| Work instructions |
Each line below is to be copied exactly; images do not go into the copy.

| Recorded data |
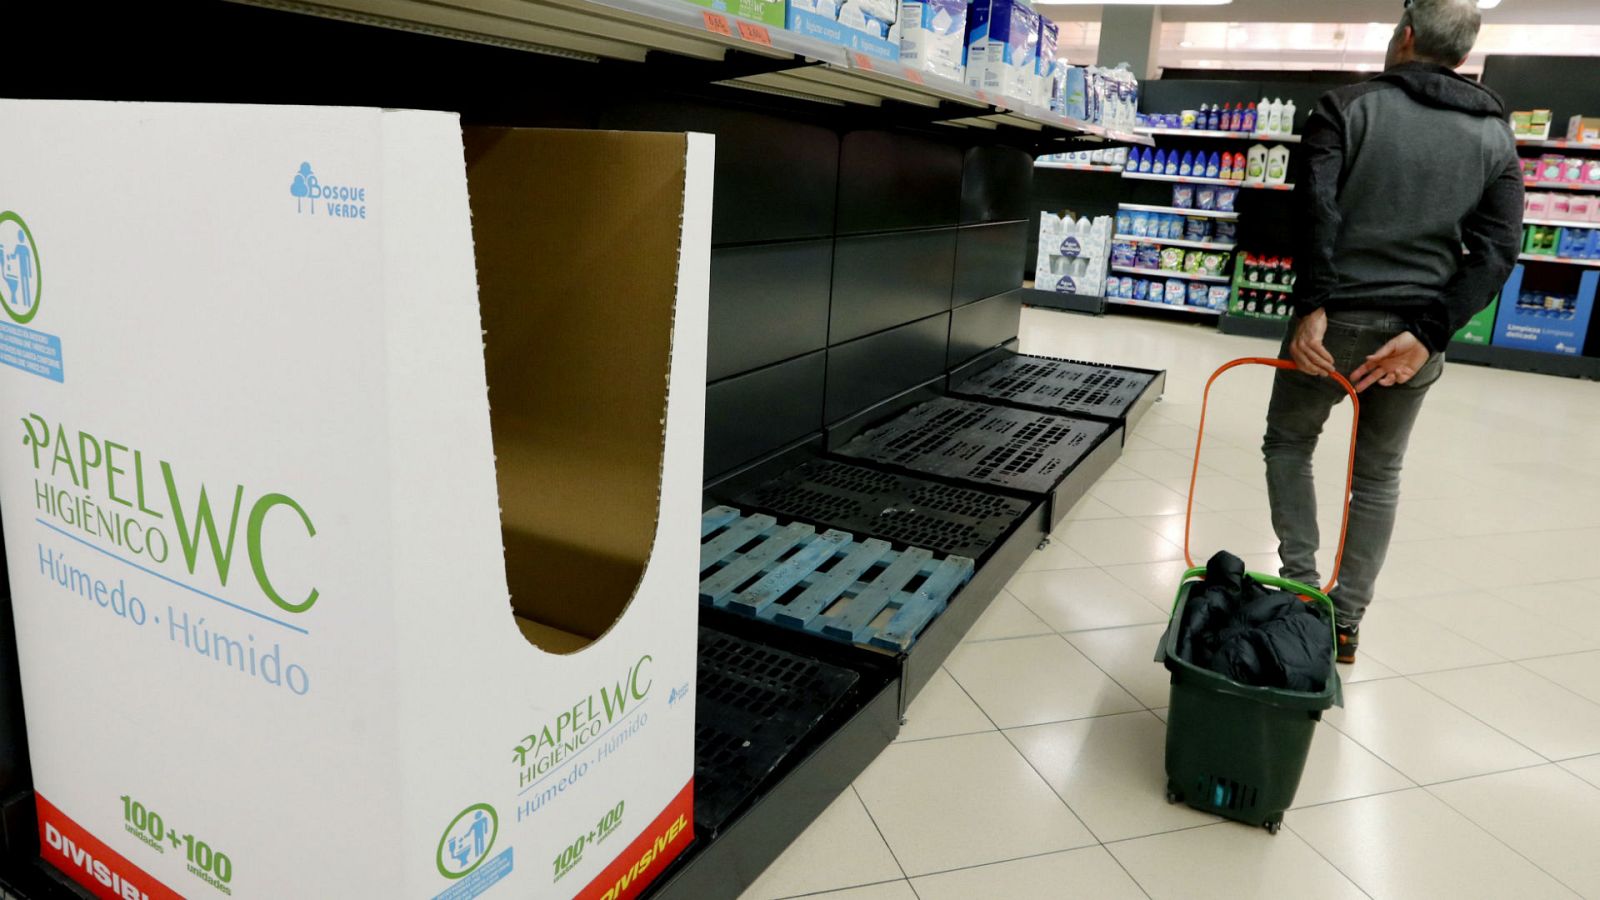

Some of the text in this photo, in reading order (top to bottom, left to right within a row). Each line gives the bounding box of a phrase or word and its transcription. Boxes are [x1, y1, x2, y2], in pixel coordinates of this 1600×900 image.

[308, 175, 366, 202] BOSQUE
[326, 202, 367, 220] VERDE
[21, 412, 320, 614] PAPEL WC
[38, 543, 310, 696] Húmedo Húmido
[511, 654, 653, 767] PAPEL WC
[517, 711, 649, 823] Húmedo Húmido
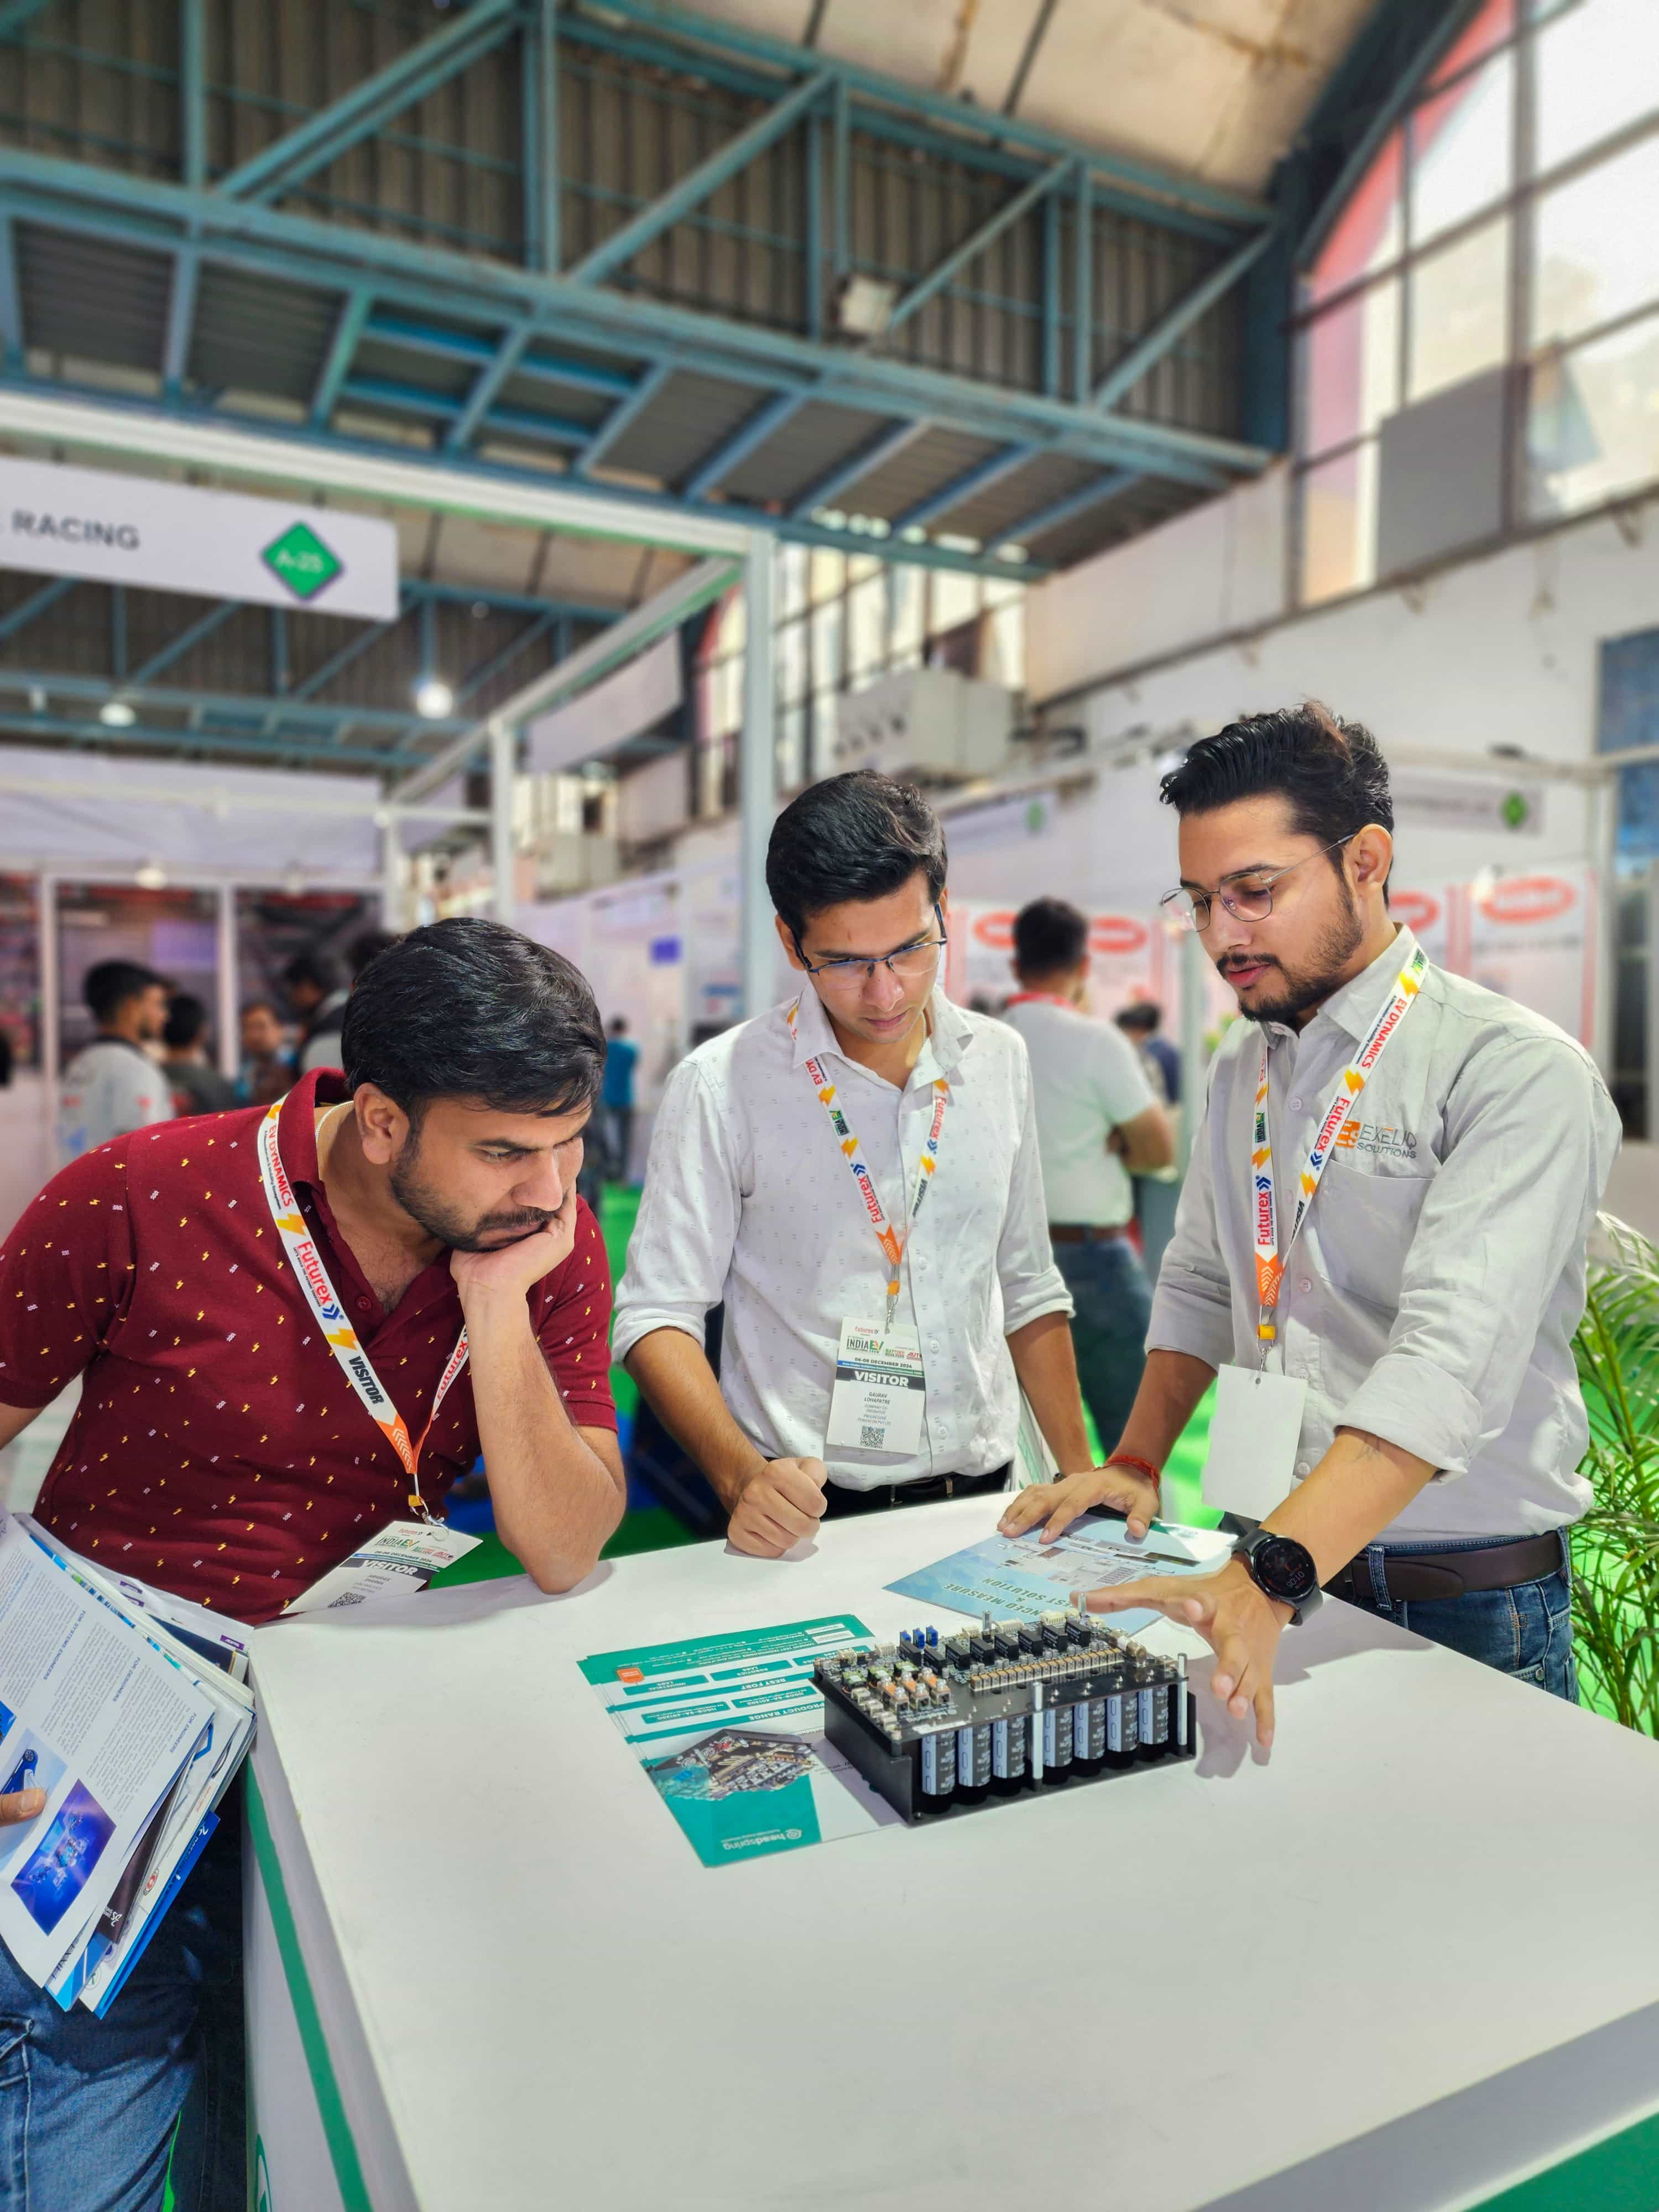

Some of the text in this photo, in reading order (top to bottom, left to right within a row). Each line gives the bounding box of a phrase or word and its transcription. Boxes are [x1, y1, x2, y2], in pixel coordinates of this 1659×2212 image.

| Solution to this task |
Some of the text in this photo, in reading order (top to bottom, left to right within a row). Each line gives the bounding box of a phrase or word and its transcription. Boxes are [x1, y1, x2, y2], in pixel coordinates of this 1600×900 image.

[308, 175, 366, 202] BOSQUE
[326, 202, 367, 220] VERDE
[21, 412, 320, 614] PAPEL WC
[38, 543, 310, 696] Húmedo Húmido
[511, 654, 653, 767] PAPEL WC
[517, 711, 649, 823] Húmedo Húmido

Some of the text in this photo, in reading order (top to bottom, left to right within a row). Each line gives the bounding box of a phrase or word and its transcription. Boxes are [x1, y1, x2, y2], in pixel coordinates of this 1659×2212 image.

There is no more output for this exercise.